Un vacío burocrático deja la posibilidad abierta de que cualquier país pueda ir a la Luna y conquistarla. Todos los países ponen entonces sus programas espaciales en marcha, pero será el cohete de Reodor Felgen, reparador de bicicletas del pueblo noruego de Flåklypa el único que conseguirá despegar. La nave será comandada por un funcionario del estado y el valiente Solan, pero un accidente provocará que el apocado Eri (Ludvig en el noruego original, y Luca en la versión internacional) también los acompañe en esta aventura galáctica.

La película se divide en tres tercios claramente diferenciados: la preparación de la misión espacial, el viaje de la Tierra a la Luna y el conflicto que plantea hacerse con un espacio interestelar que no debiera pertenecer a ninguna nación. 

Como en los dos largometrajes anteriores, da gusto perderse en los detalles de cada uno de los personajes principales; un diseño que, sin embargo, queda algo afeado en esta película por los caretos abultados de algunos de los personajes humanos, resultado especialmente inquietante el de los dos dirigentes políticos y el de la reportera jefa de informativos. Serán justamente estos personajes los que sirvan de diana para las críticas más adultas (y valientes) que hace Rasmus A. Siversten por medio de la película: de la falta de escrúpulos de la administración central a la extrema vanidad e inoperancia de la administración local, pasando por la lucha de egos de los trabajadores de la televisión. 

El attrezzo y escenarios son uno de los grandes puntales del valor artístico de la película, con un cohete de proporciones enormes construido ad hoc que realmente impresiona tanto en el metraje de delante de las cámaras, como de de detrás de las mismas (al final de esta entrada podéis encontrar alguna imagen). Por otro lado, los muñecos y las cámaras se mueven con un nivel de animación de primer nivel, que combinado con el excelente ritmo hacen que la carrera espacial se nos pase en un suspiro.

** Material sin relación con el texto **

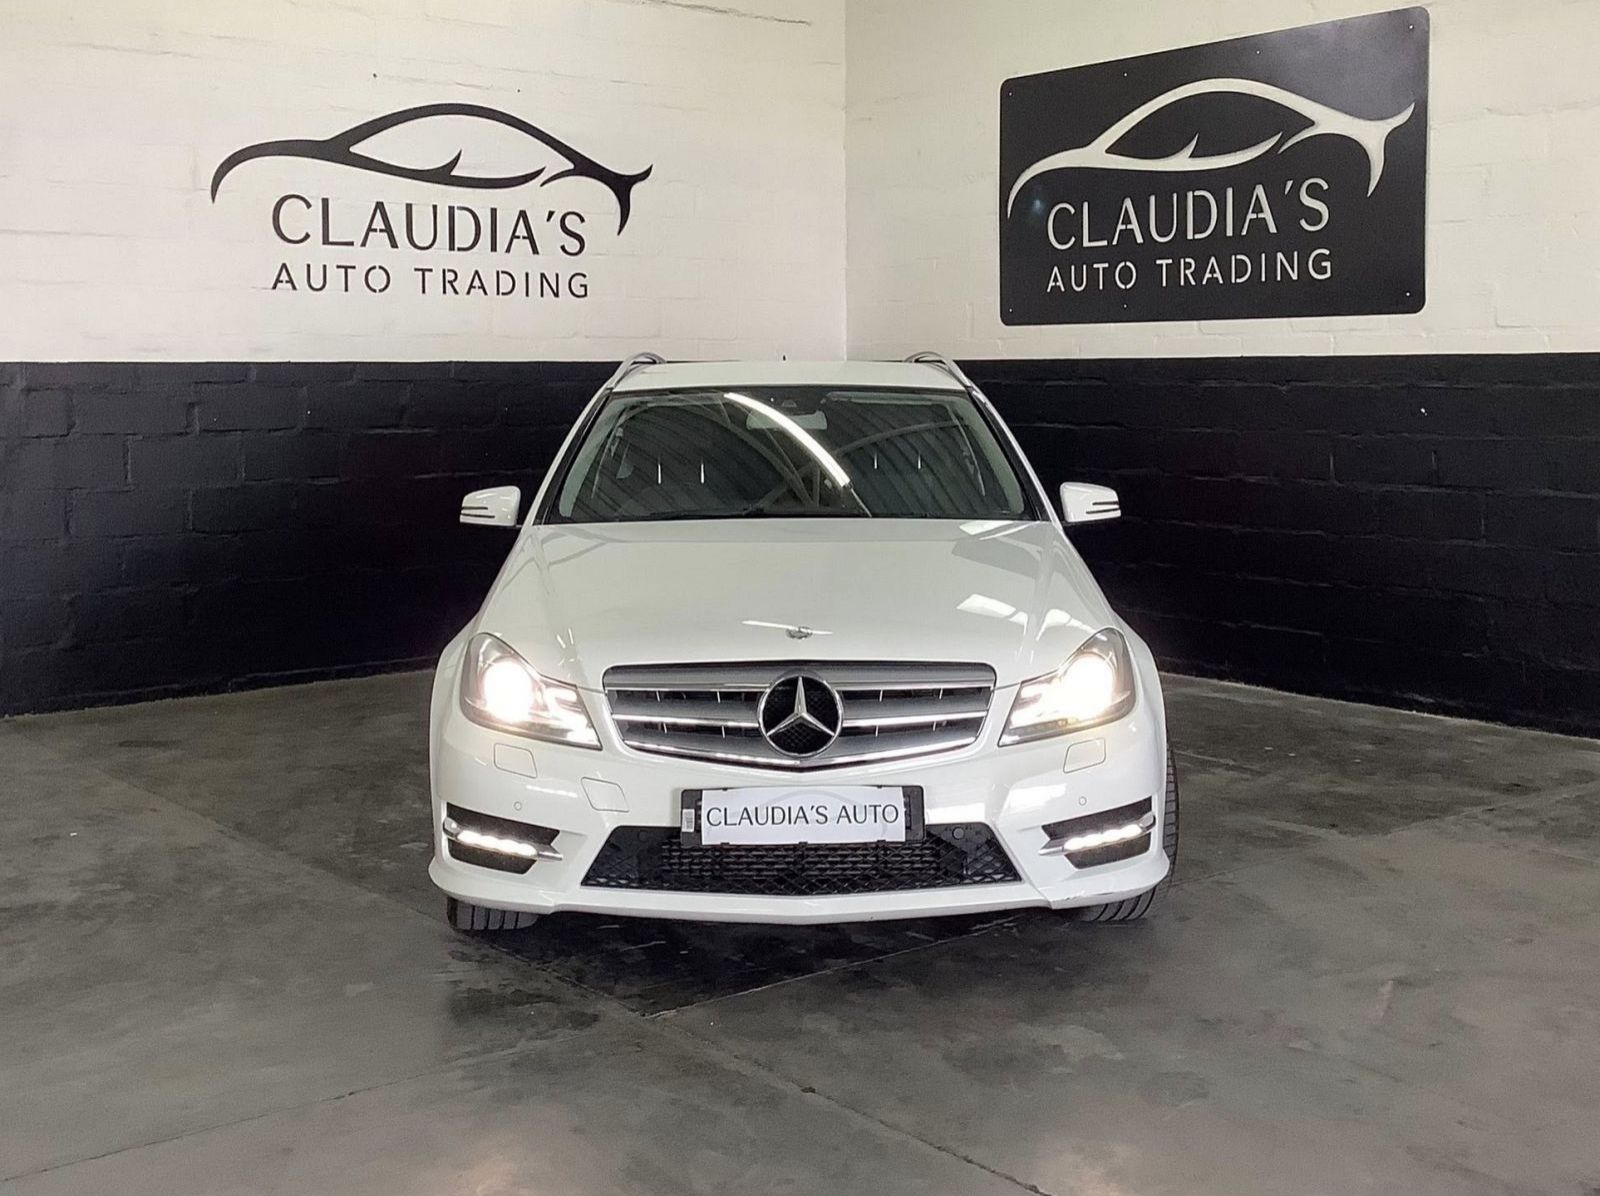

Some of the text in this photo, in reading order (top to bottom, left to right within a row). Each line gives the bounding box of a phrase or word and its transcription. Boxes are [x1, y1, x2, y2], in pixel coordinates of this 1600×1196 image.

[271, 193, 587, 257] CLAUDIA'S
[1046, 176, 1330, 250] CLAUDIA'S
[270, 261, 589, 298] AUTO TRADING
[1046, 248, 1332, 293] AUTO TRADING
[706, 804, 829, 827] CLAUDIA'S
[836, 803, 899, 825] AUTO
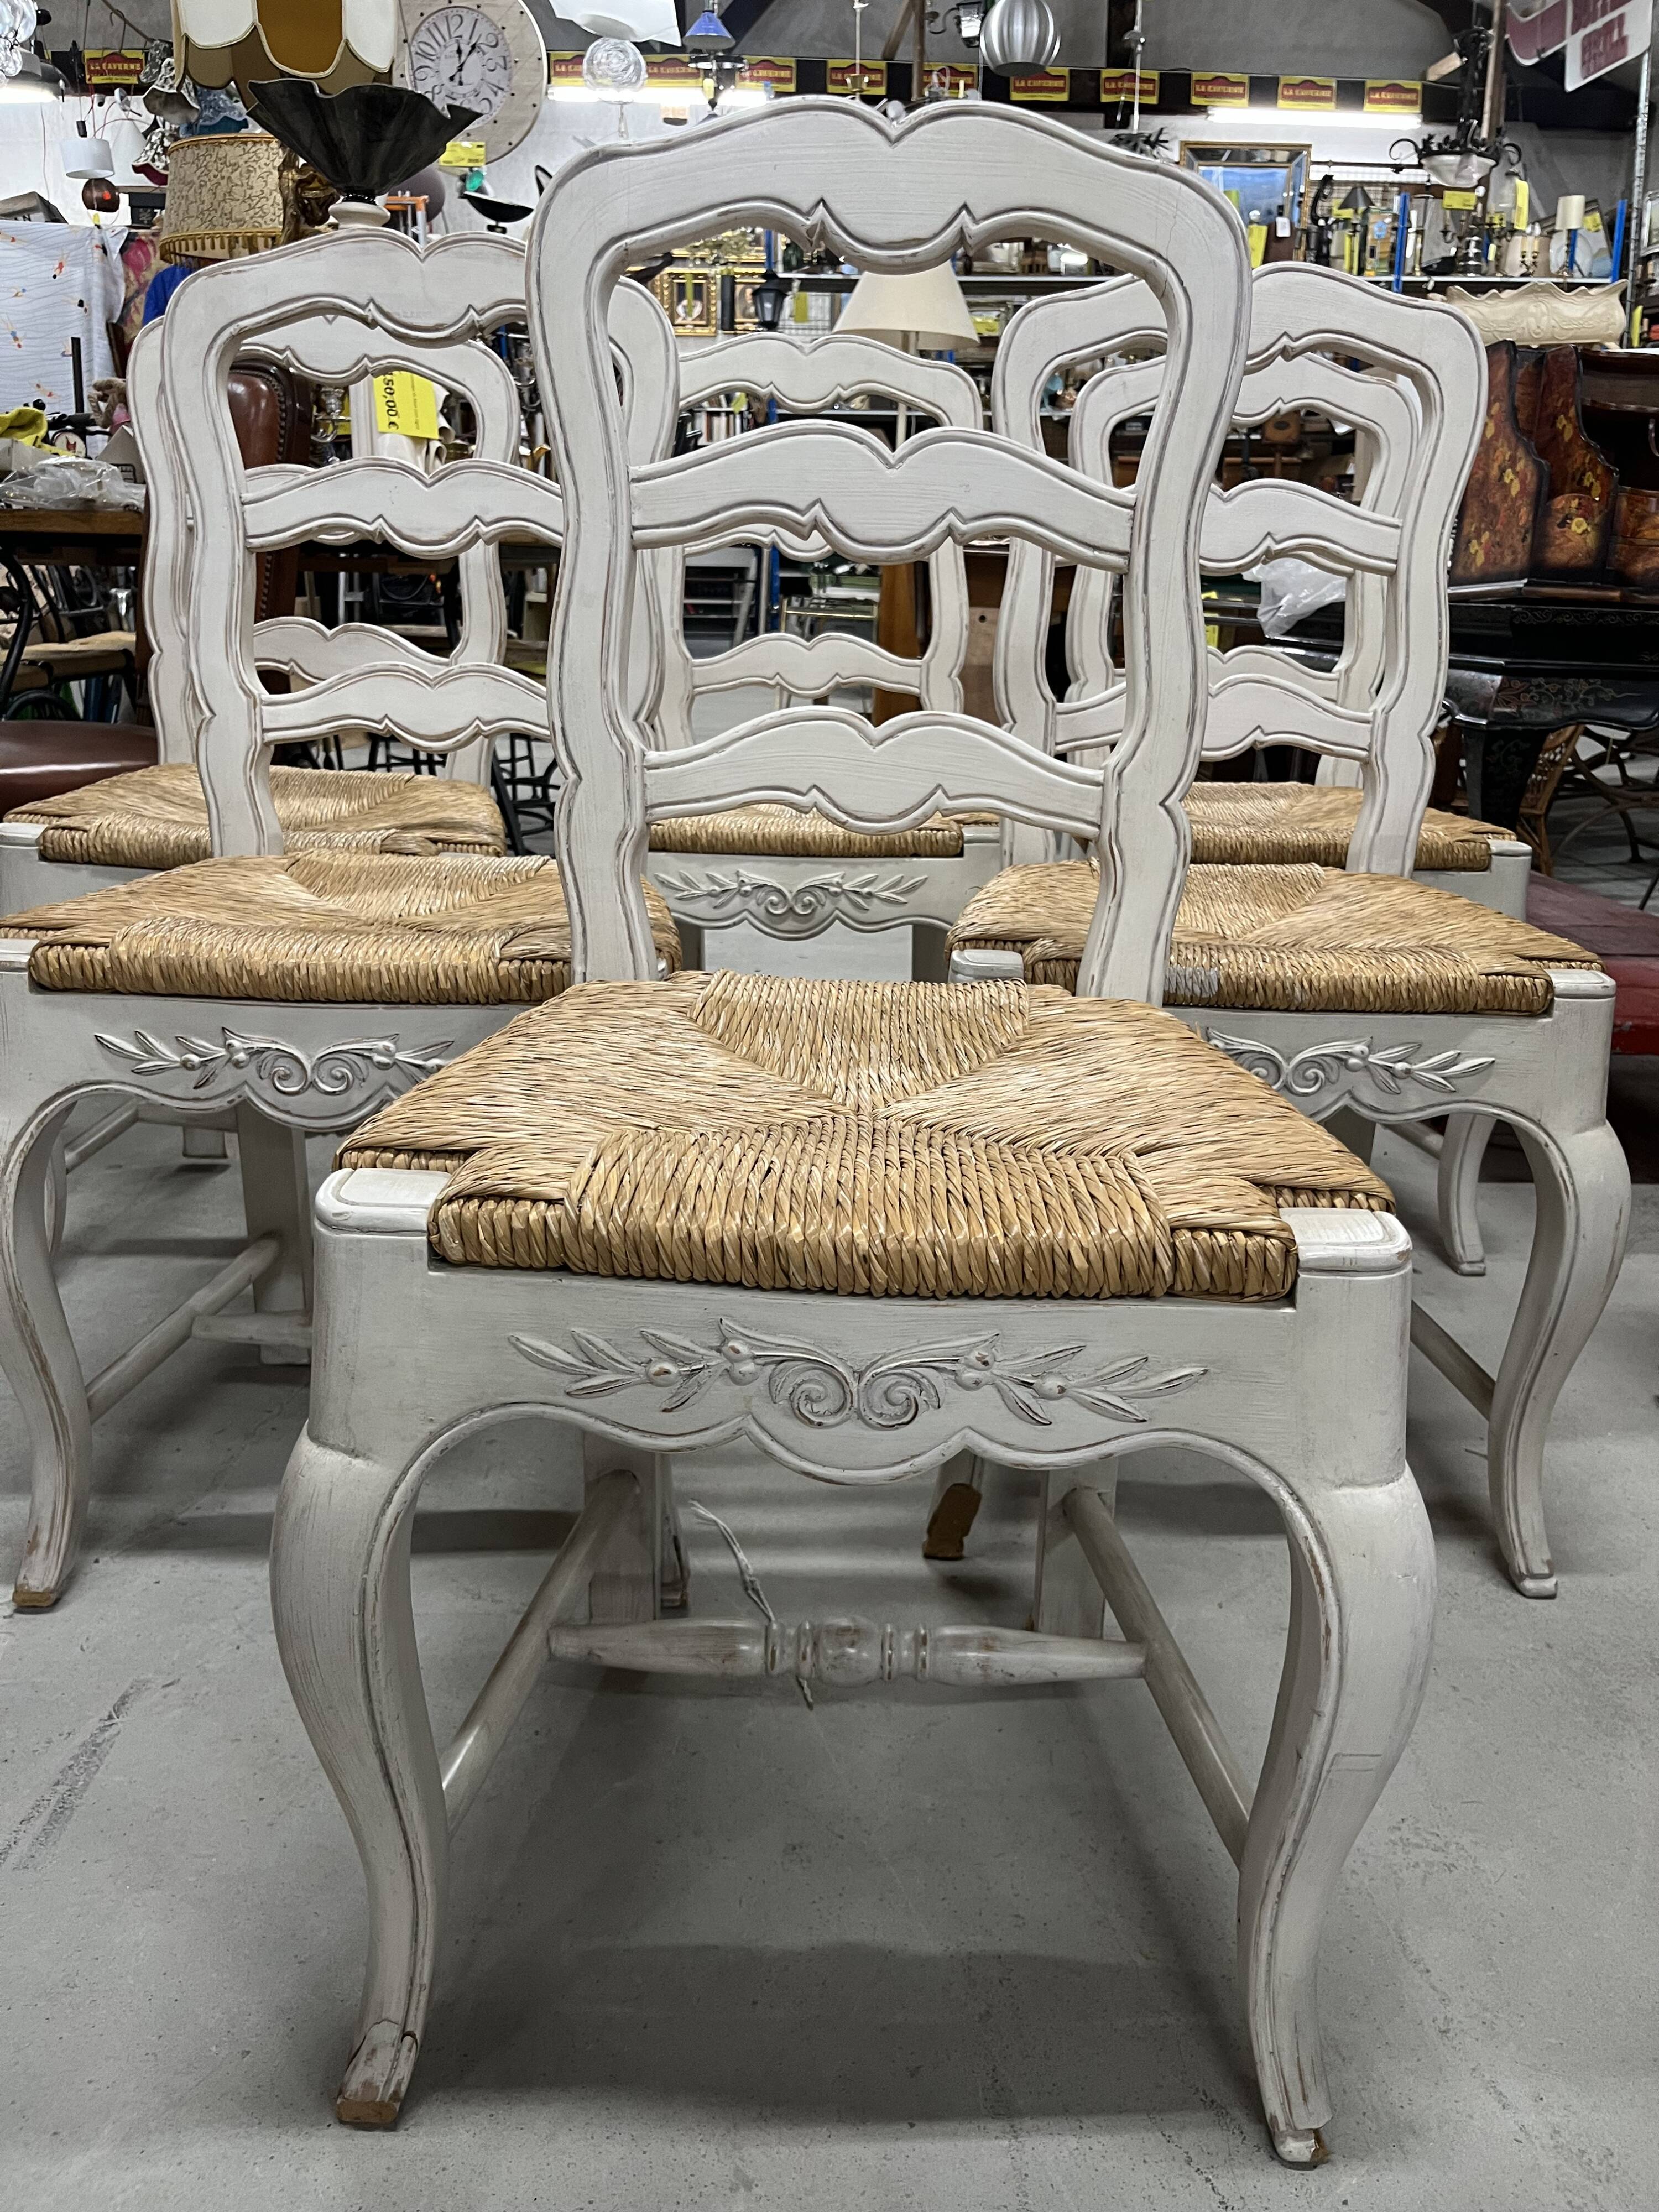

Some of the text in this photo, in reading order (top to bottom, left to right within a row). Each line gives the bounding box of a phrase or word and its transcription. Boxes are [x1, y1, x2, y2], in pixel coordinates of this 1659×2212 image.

[427, 22, 446, 46] 11
[444, 14, 463, 39] 12
[415, 41, 436, 61] 10
[477, 32, 499, 56] 2
[415, 65, 434, 81] 9
[485, 55, 507, 72] 3
[485, 81, 504, 97] 4
[382, 372, 399, 430] 50,00 €
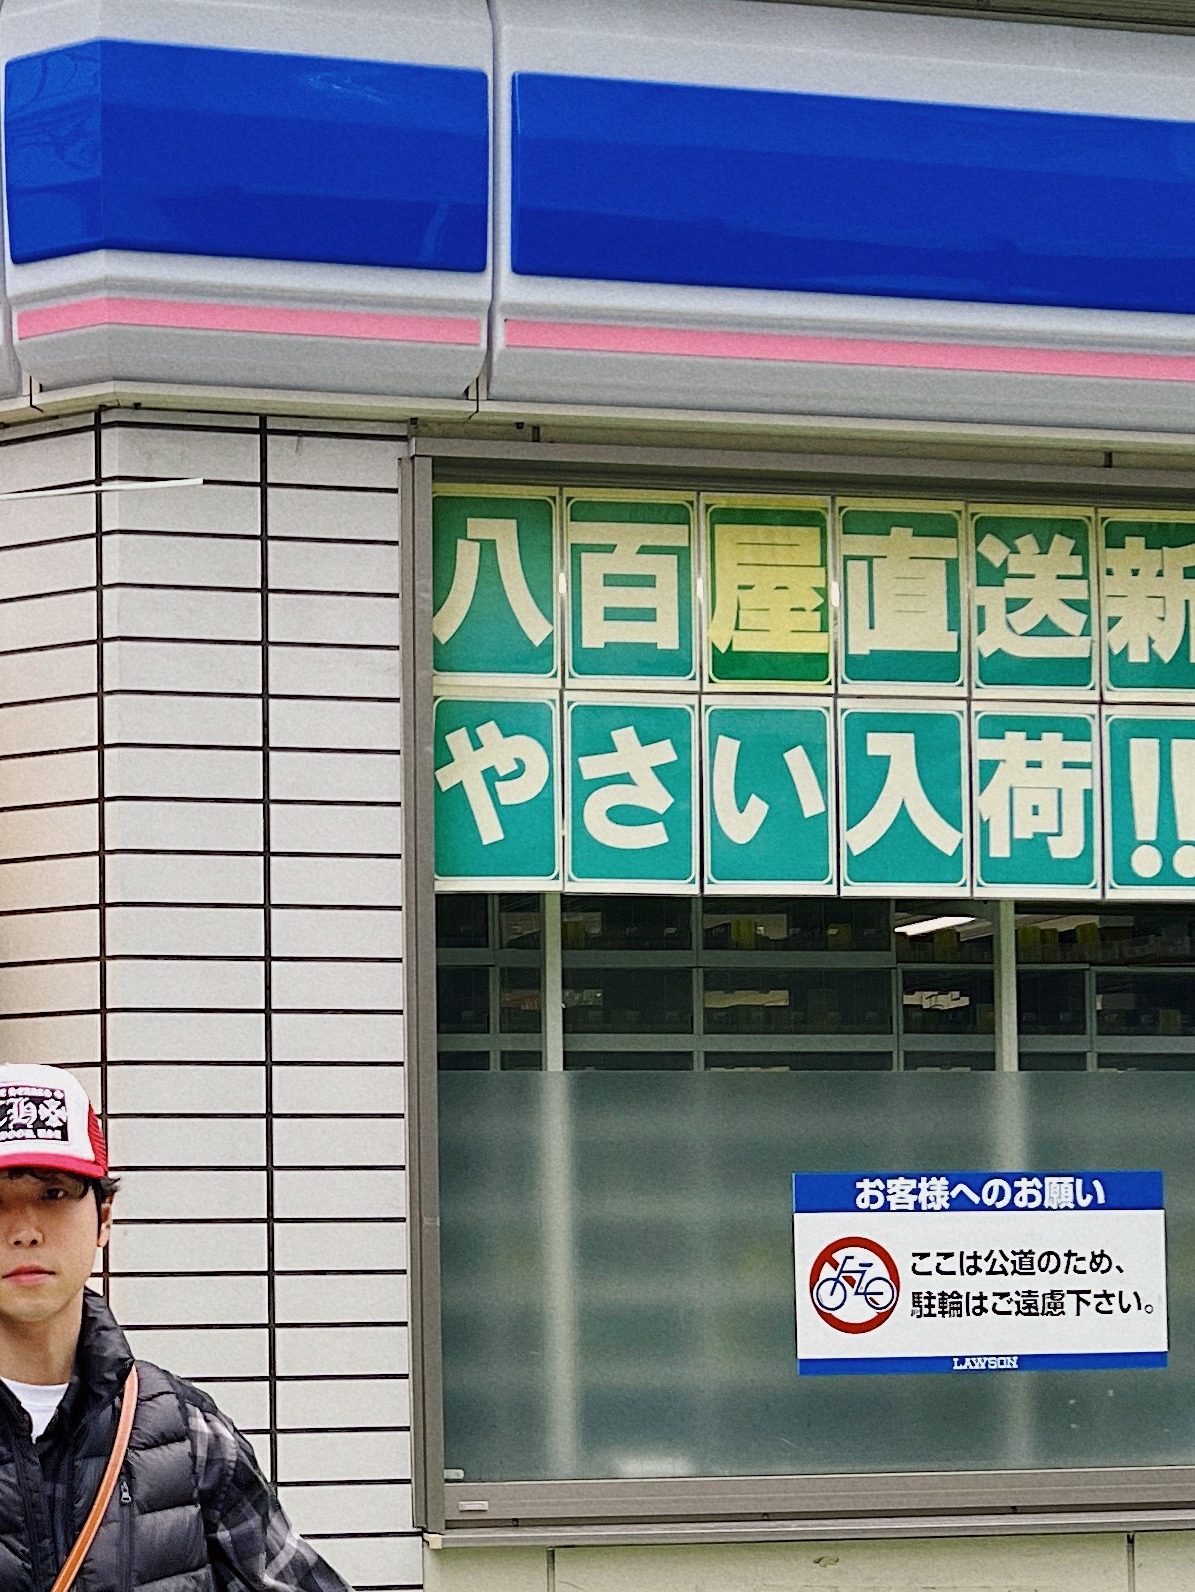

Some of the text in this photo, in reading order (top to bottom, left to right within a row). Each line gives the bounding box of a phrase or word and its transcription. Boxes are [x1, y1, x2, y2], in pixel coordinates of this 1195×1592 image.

[855, 1176, 1106, 1211] お客様へのお願い
[910, 1248, 1125, 1277] ここは公道のため、
[910, 1289, 1154, 1319] 駐輪はご遠慮下さい。
[952, 1355, 1019, 1370] LAWSON

Tras la película, los asistentes tuvimos la alegría de contar con el guionista de la película: Karsten Fullu, quien dio una micro master class sobre cómo fue realizada la película, además de aguantar como un campeón las preguntas que le hicieron las niñas, niños y madres de la sala, siendo estas últimas las que le pusieron contra las cuerdas al tachar su guion de machista. No les faltaba razón, al fin y al cabo los dos únicos personajes femeninos de la película son absolutamente odiosos, pero el señor Fullu alegaba que se basaba en las historias de Kjell Aukrust, quien en los sesenta no prestaba demasiada atención a estas importantes causas. Sería como criticar las películas de Mortadelo y Filemón de Fesser por machistas, cuando se basan en un universo cultural creado hace más de cincuenta años. En fin, un tema la mar complicado.